As many of you are aware, most displays' video performance will only be as good as the quality of the original supplied source. For this matter, Hitachi has outfitted the panel with dual 1080p HDMI terminals compatible with both 50 and 60Hz signals. On the lower end of the connectivity spectrum, there are also two sets of component-video sockets to go with your Xbox 360 and digital video recorders. Rounding it up are the widescreen-friendly PC input and a multitude of composite-A/V and S-video jacks tailored for standard-definition duties.
Performance of the Hitachi 42PD9800TA (42-inch plasma)
On the whole, we found this Hitachi a breeze to set up and calibrate. That said, you will need to exercise ambient lighting control as we found the reflective screen distracting under moderate lighting despite the presence of an anti-reflection coating. After minimizing the Lab's lighting, we got down into the review proper, tuning in to the local MediaCorp off-the-air broadcasts. It had been a while since we are greeted with sharp visuals and minimal dot crawl and, fortunately, the 9800 is one of the rare gems we reviewed which handled this standard-def source extremely well.

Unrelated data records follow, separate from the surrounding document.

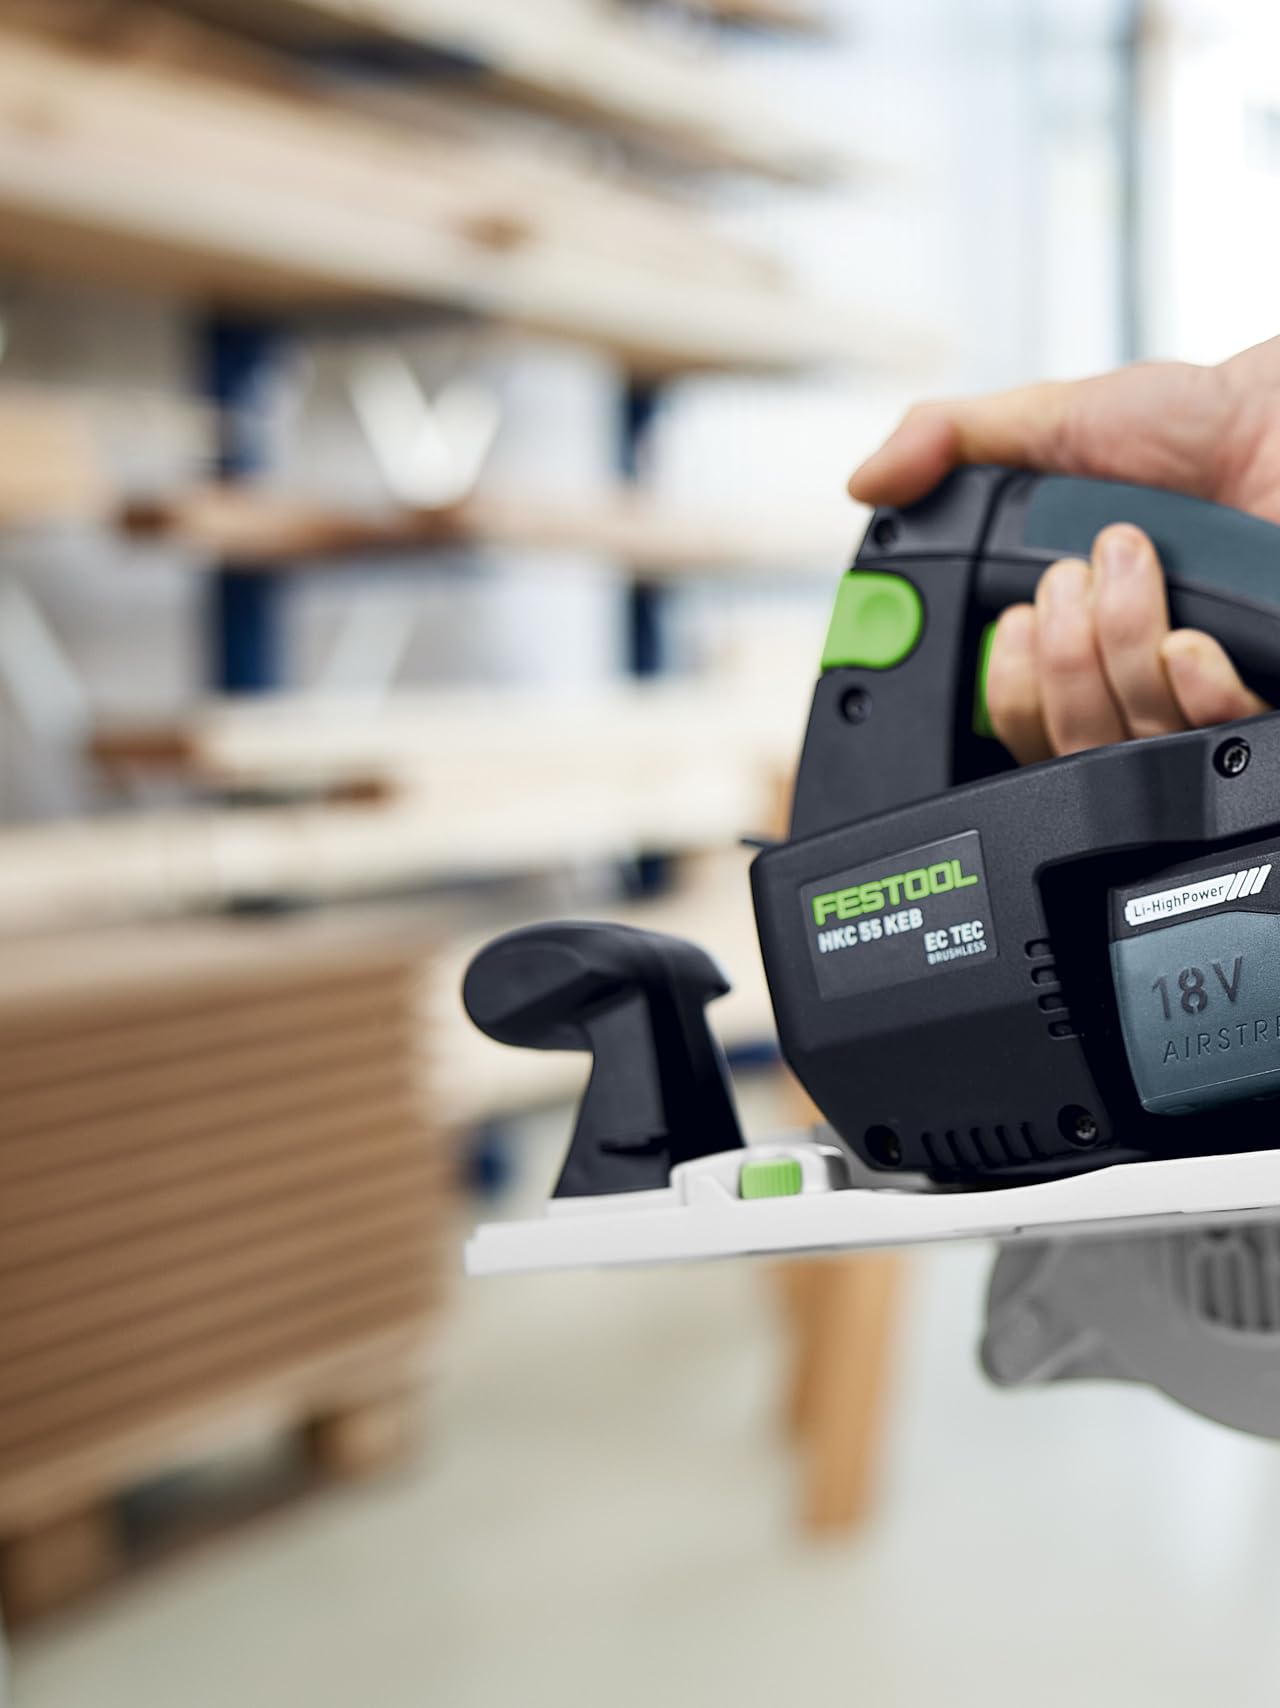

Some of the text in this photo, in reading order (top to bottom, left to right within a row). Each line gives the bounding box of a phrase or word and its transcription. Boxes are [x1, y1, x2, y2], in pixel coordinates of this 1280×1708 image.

[812, 859, 978, 926] FESTOOL
[1134, 885, 1224, 917] Li-HighPower
[817, 908, 923, 953] HKC 55 KEB
[924, 920, 985, 952] EC TEC
[927, 940, 987, 965] BRUSHLESS
[1152, 956, 1243, 1020] 18V
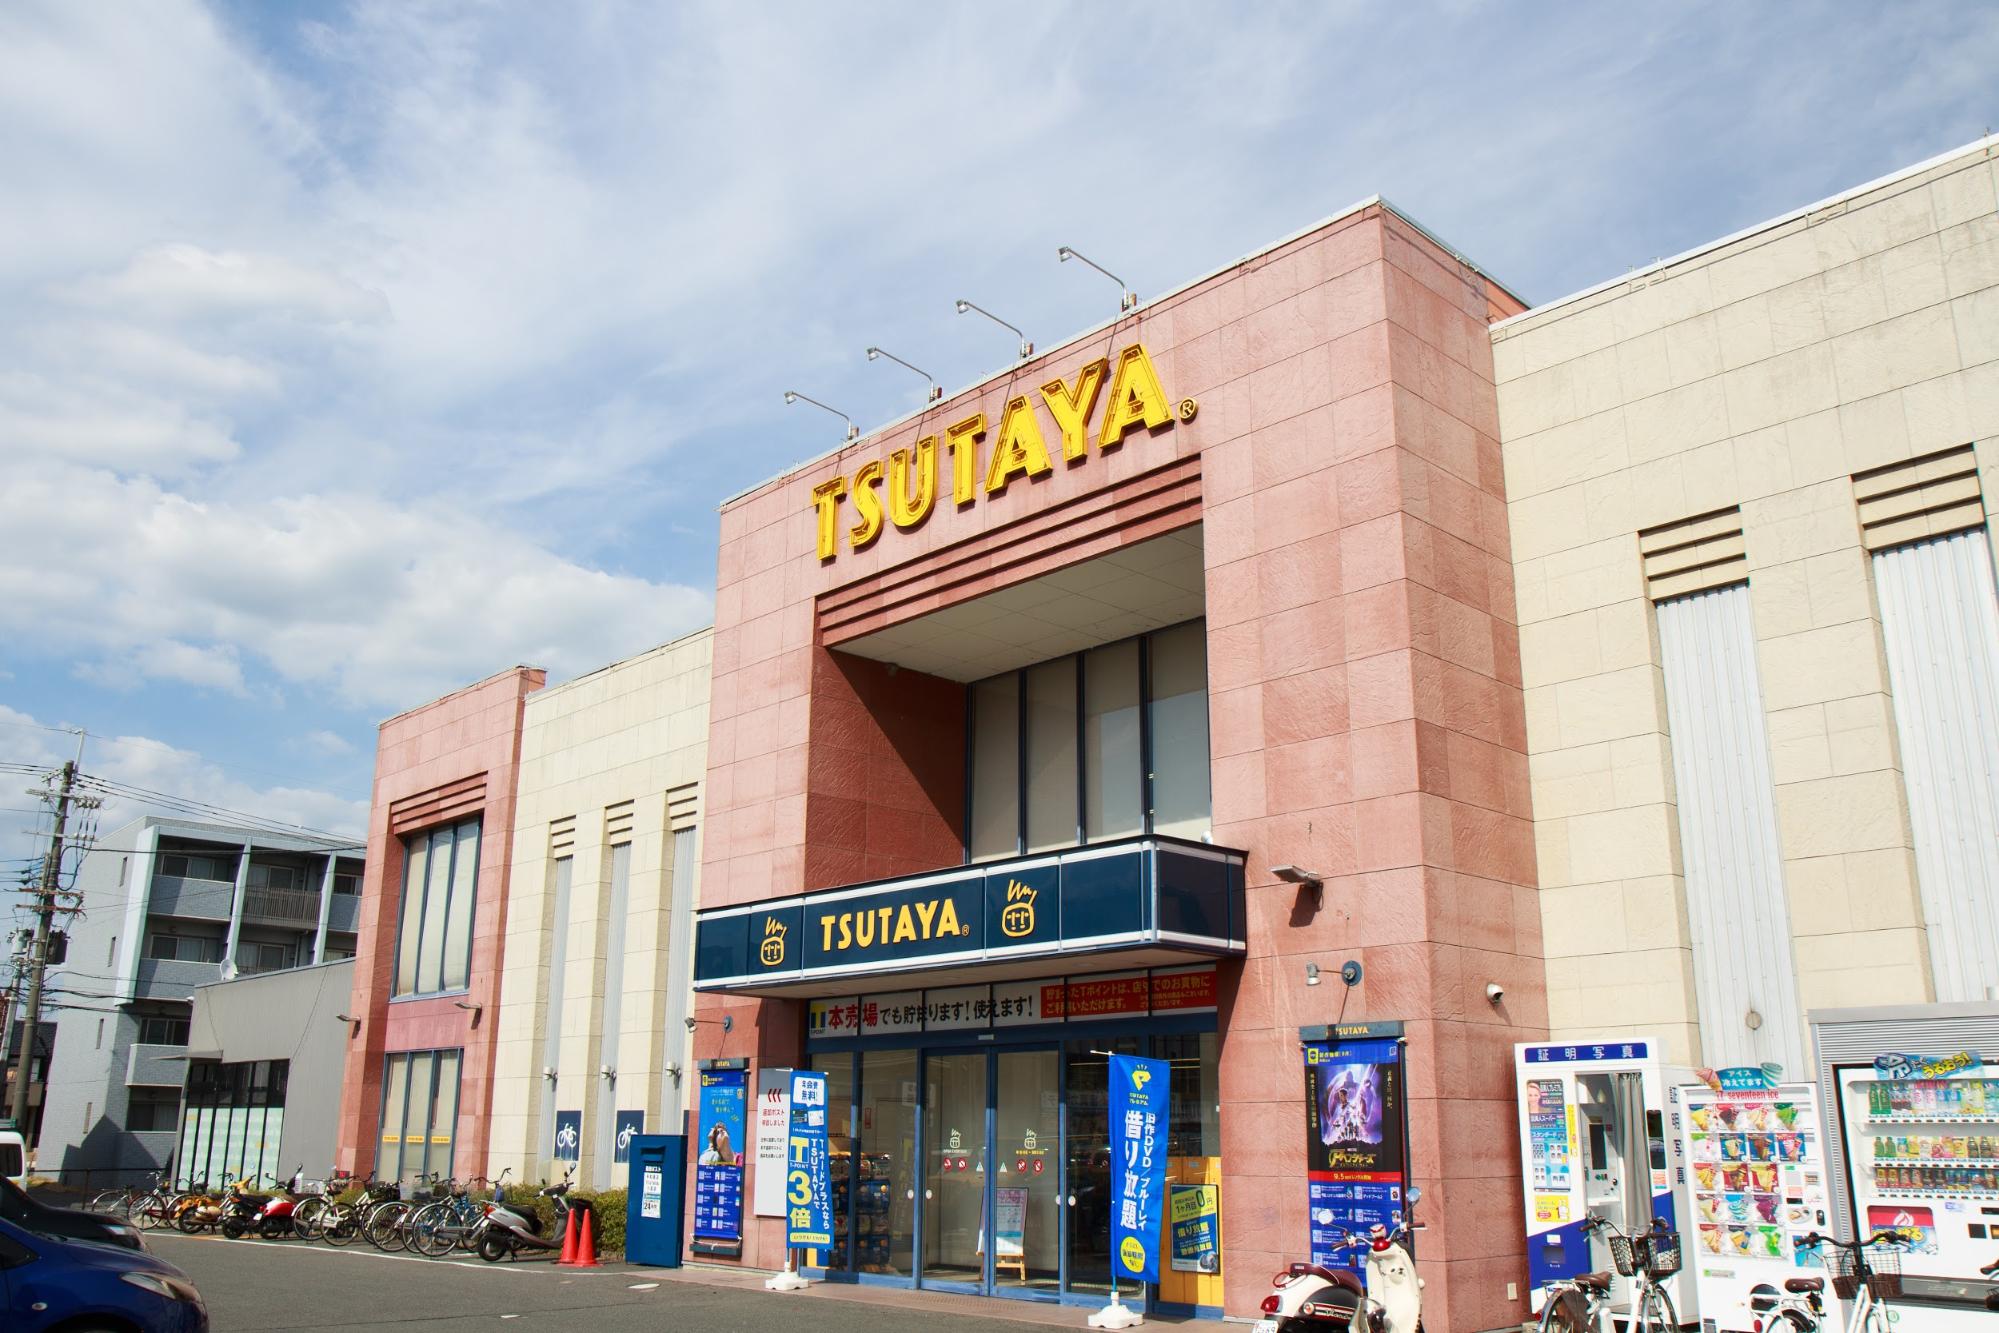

The same strong showings were repeated in our mandatory run of Avia synthetic test patterns. The SpyderTV-calibrated panel was spot on with accurate color decoding, while demonstrating its 10,000:1 contrast prowess in grayscale tracking, rendering deep inky blacks. It was equally difficult to fault the Pioneer DV-S969AVi piped DVD playback, characterized by clean images accompanied by natural colors. This was best illustrated in Finding Nemo where the vibrancy of the colorful reef life was faithfully presented without over-saturated hues.
Frankly speaking, we were initially skeptical about the Hitachi's 1080i/p performance due to its resolution deficiency. However, this proved to be unfounded after numerous test runs with the Samsung BD-P1000 and Toshiba HD-E1 hi-def players. Details and depth-of-field of film-based movies were aplenty and came surprisingly close to the levels offered by a full-HD Samsung F7. It was only in the PlayStation 3's rendition of Ridge Racer that the lower pixel count became apparent. While fast motion was fluidly smooth, angled outlines of sizable text were somewhat jagged at times.
If there was a major gripe in this segment, it had to be the less than flattering PC text delivery. Regardless of the resolutions supplied, we were unable to obtain satisfactory text quality out of the set. This ranged from a near horizontal 1:1 pixel 1,024 x 768 pixels to its vertical equivalent at 1,280 x 1,024. As a consolation, we had better luck with the onboard JPEG playback which was fast and relatively sharp. Nonetheless, the experience could have been better if not for the occasional jaggies and a picky MPEG player which worked fine on digicam-shot clips but not anywhere else.
Hitachi's elaborate audio subsystems paid off reasonably well, belting out tunes with a light mid-bass and crystal-clear treble. We were also impressed by its solid stereo imaging and spacious soundstage courtesy of an effective SRS WOW implementation. Priced at S$3,999 (US$2,630.07), the 42PD9800TA represents outstanding value, considering its rich feature set and solid overall picture quality. Looks like Hitachi has itself another winning card again following its award-winning 2006 37LD8800TA LCD TV.